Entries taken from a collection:
....
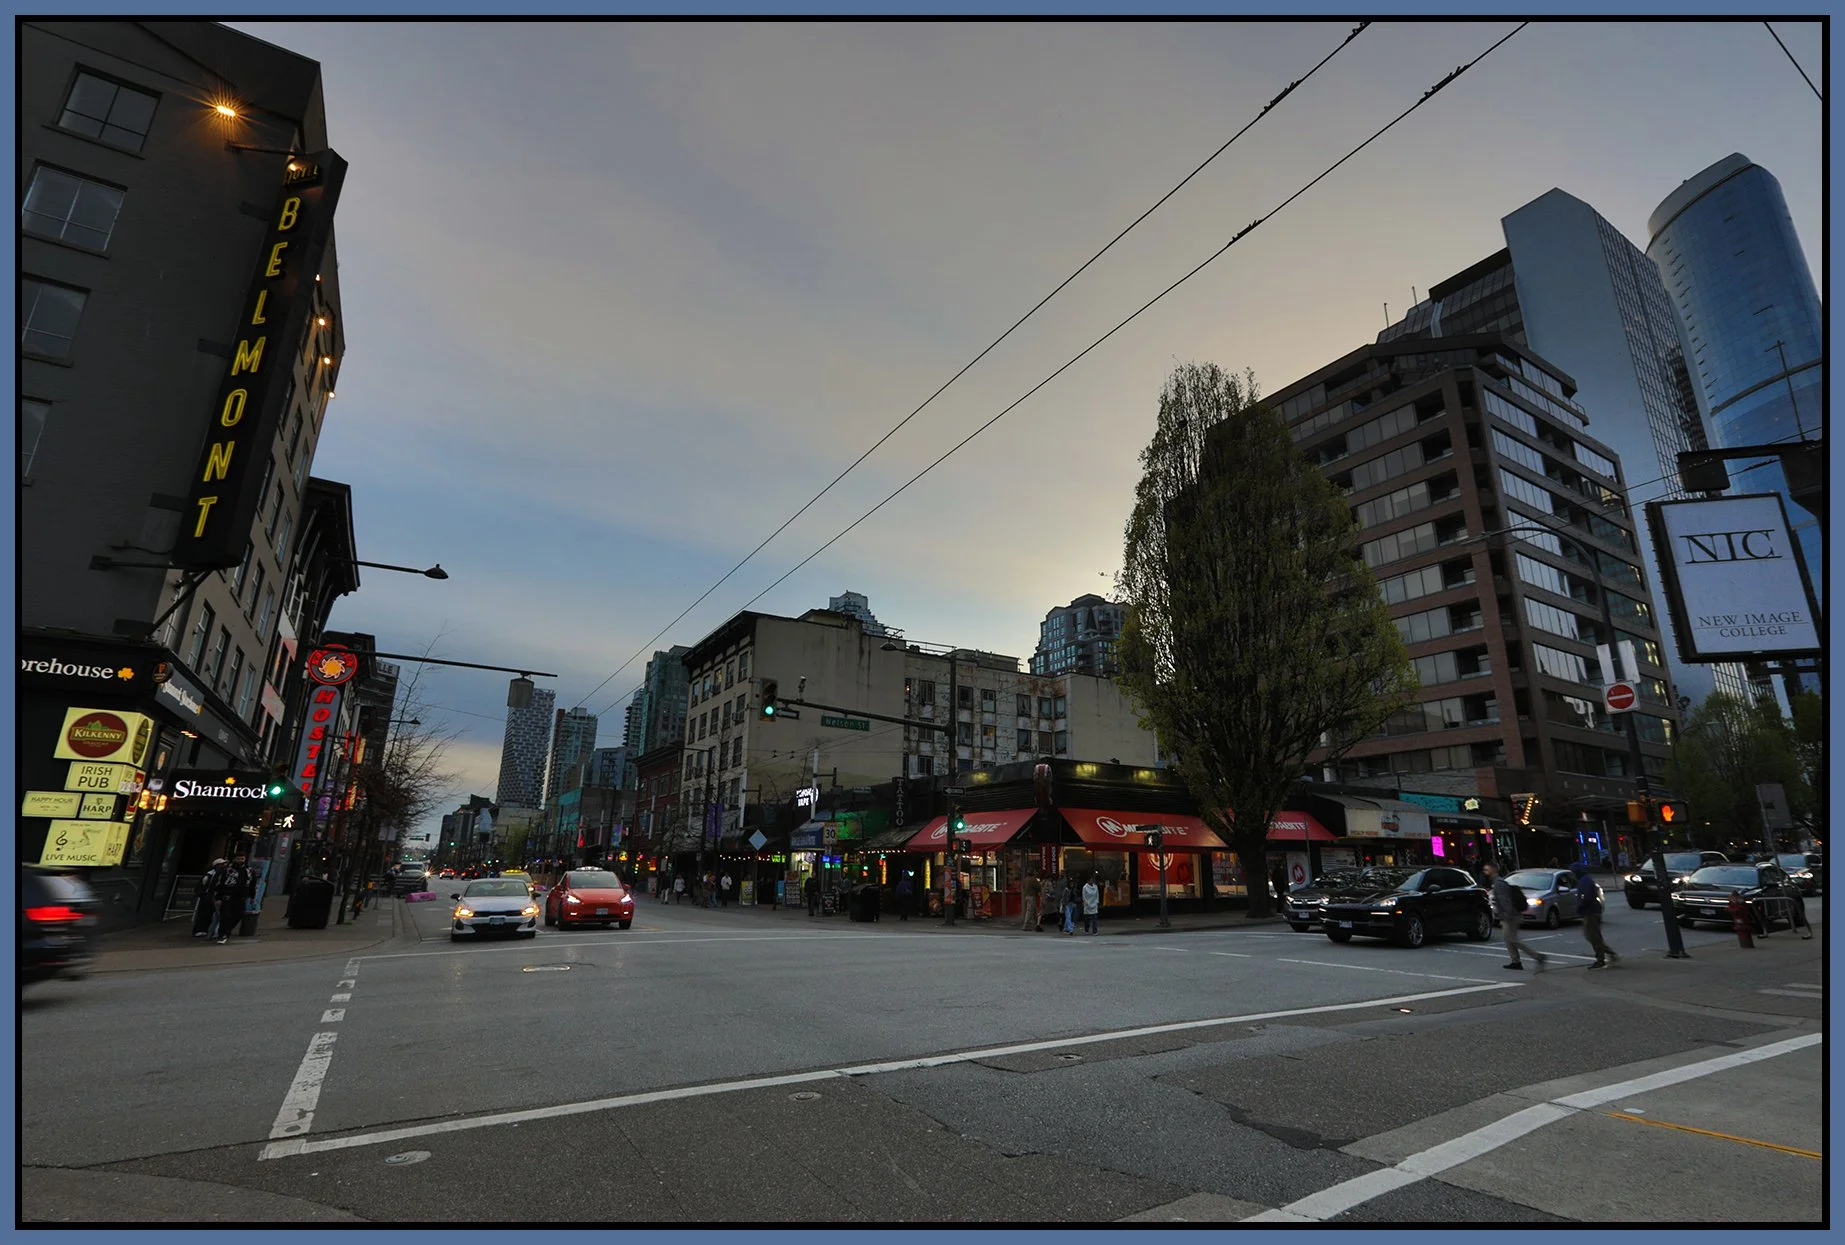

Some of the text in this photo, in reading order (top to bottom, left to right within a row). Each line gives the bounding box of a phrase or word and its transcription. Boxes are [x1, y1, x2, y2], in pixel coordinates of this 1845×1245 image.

[194, 196, 301, 538] BELMONT
[1679, 529, 1783, 564] NIC
[1698, 611, 1803, 627] NEW IMAGE
[1719, 625, 1788, 638] COLLEGE
[825, 717, 854, 728] Nelson
[73, 728, 122, 740] KILKENNY
[81, 765, 113, 776] IRISH
[77, 776, 110, 788] PUB
[173, 780, 268, 799] Shamrock
[895, 778, 905, 826] TATTOO
[82, 804, 111, 813] HARP
[825, 829, 835, 838] 30
[45, 853, 96, 862] LIVE MUSIC
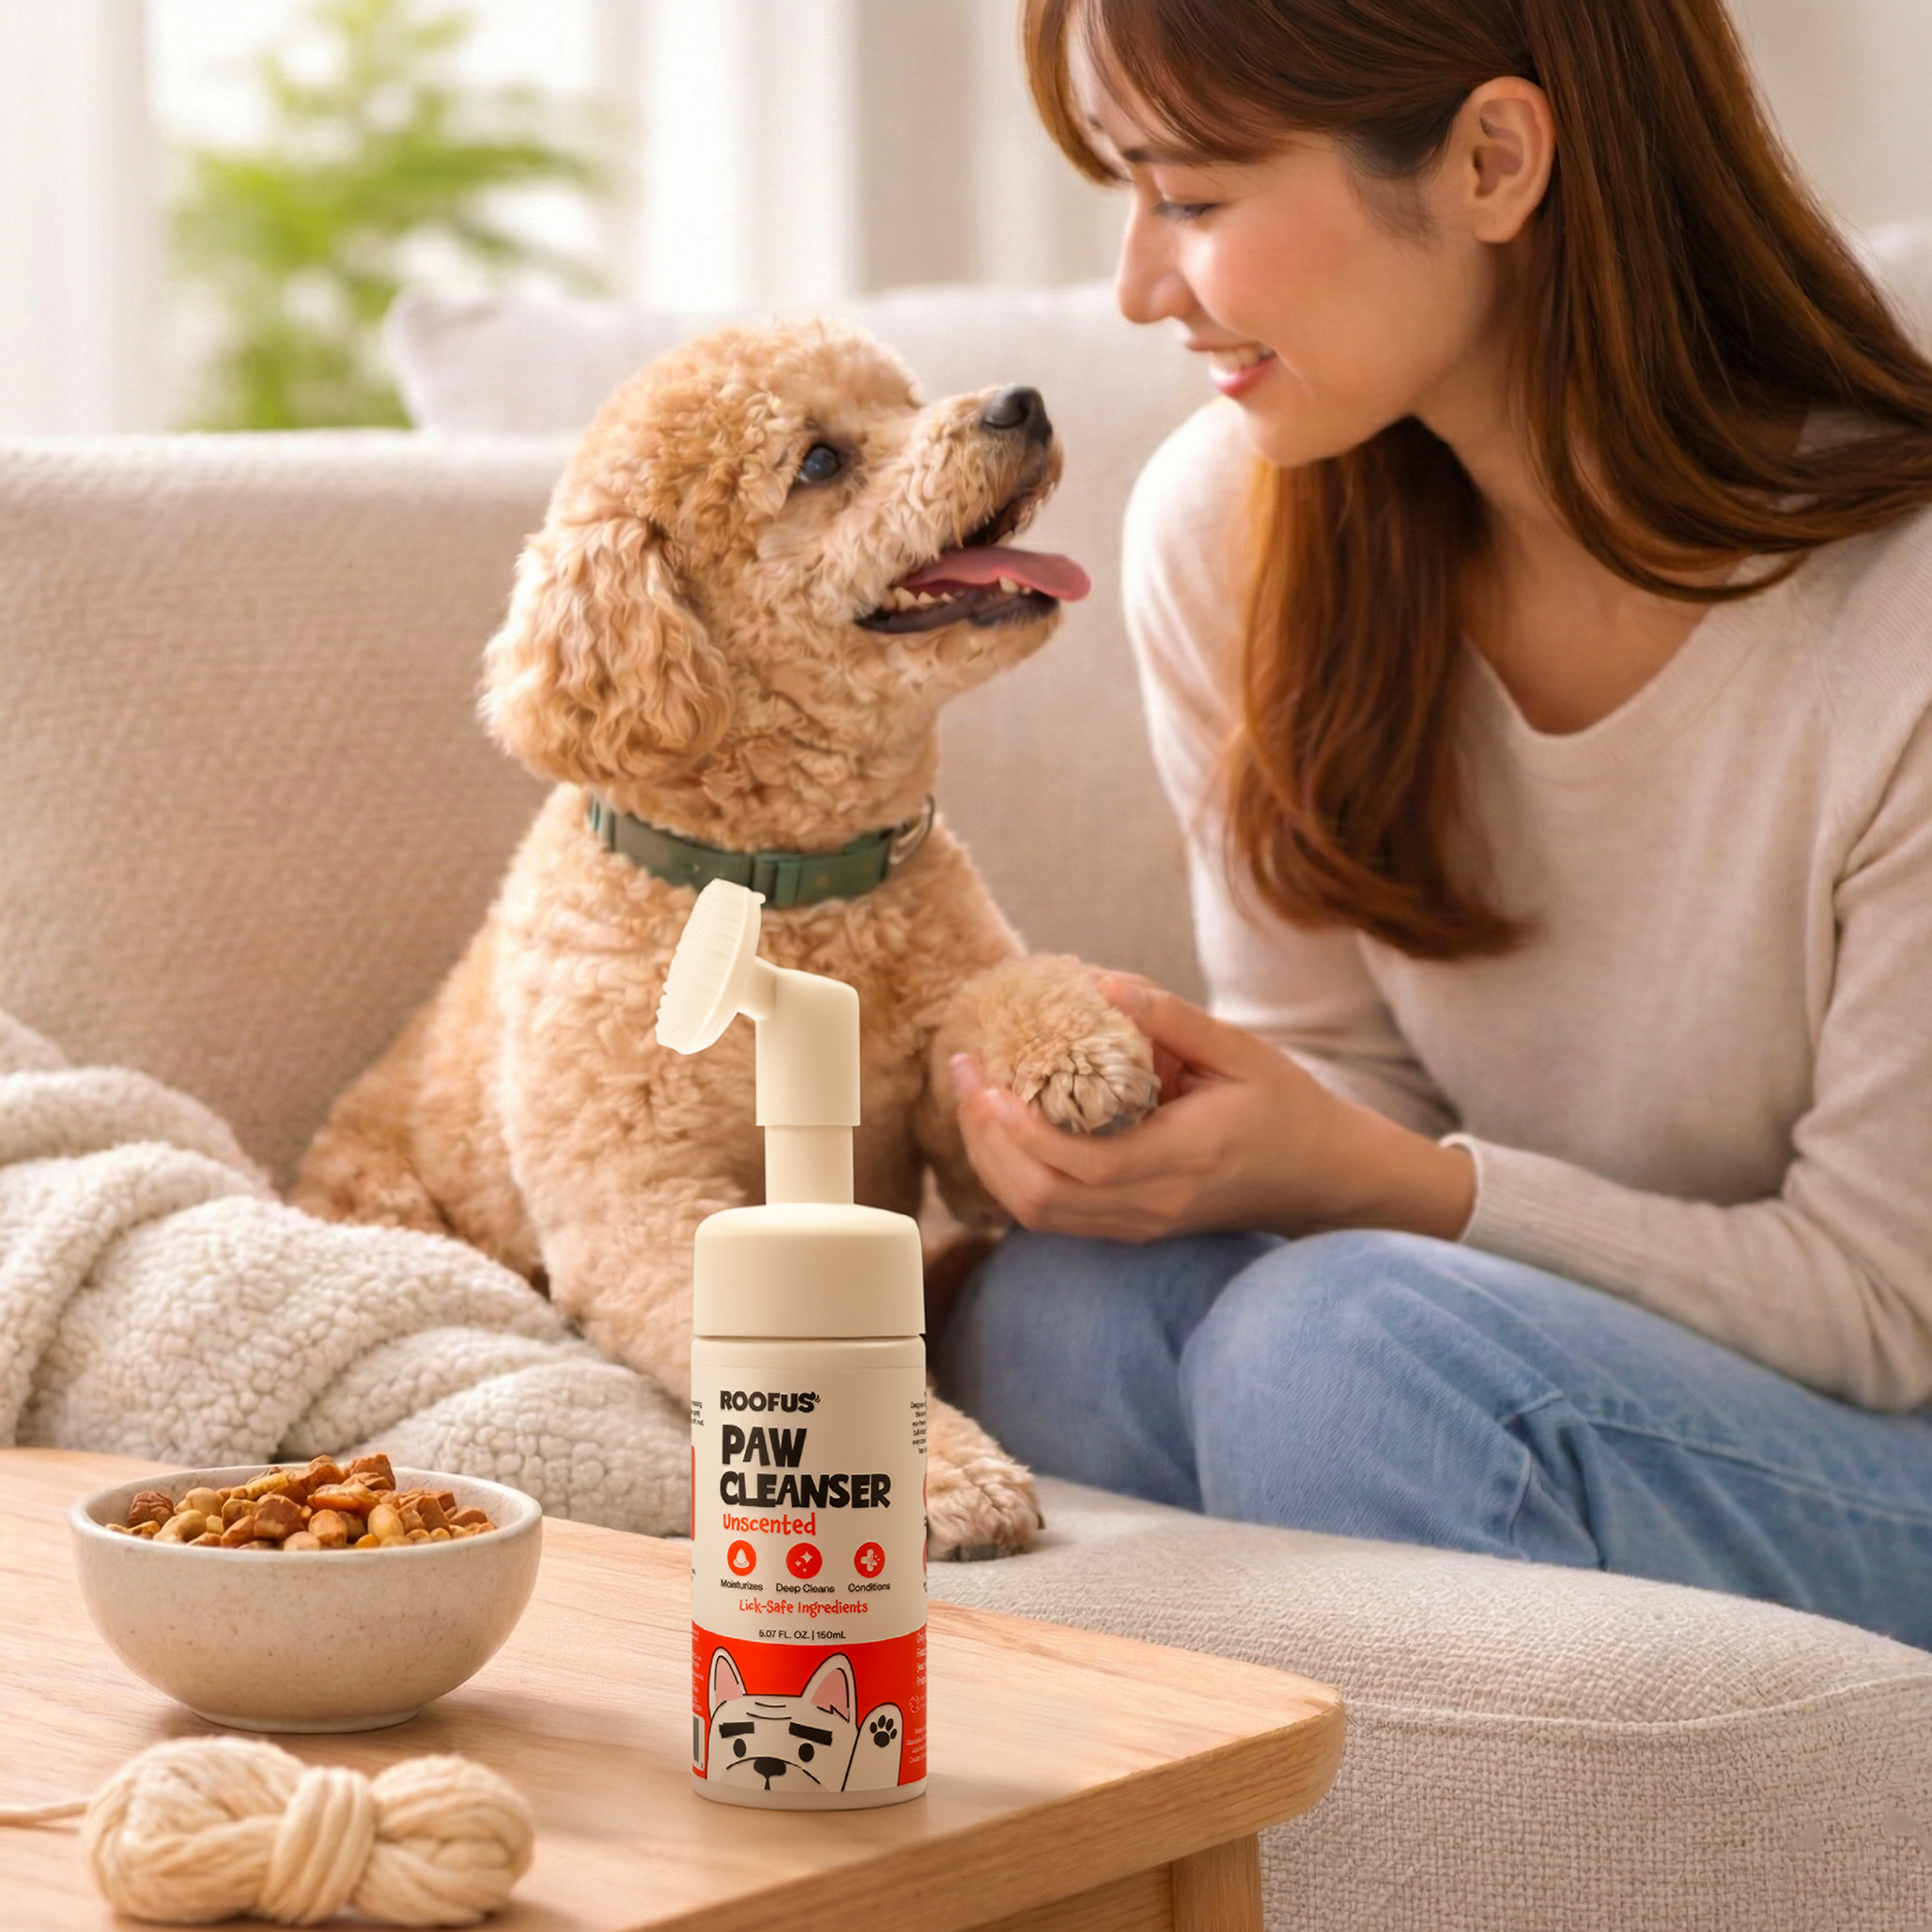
....
● Instructions for the task
Transcribe every record above in full. Pictures stay out of the copy.

● Your solution
Some of the text in this photo, in reading order (top to bottom, left to right within a row). Each line gives the bounding box of a phrase or word and its transcription. Boxes are [x1, y1, x2, y2], in pixel coordinates of this 1845×1245 image.

[194, 196, 301, 538] BELMONT
[1679, 529, 1783, 564] NIC
[1698, 611, 1803, 627] NEW IMAGE
[1719, 625, 1788, 638] COLLEGE
[825, 717, 854, 728] Nelson
[73, 728, 122, 740] KILKENNY
[81, 765, 113, 776] IRISH
[77, 776, 110, 788] PUB
[173, 780, 268, 799] Shamrock
[895, 778, 905, 826] TATTOO
[82, 804, 111, 813] HARP
[825, 829, 835, 838] 30
[45, 853, 96, 862] LIVE MUSIC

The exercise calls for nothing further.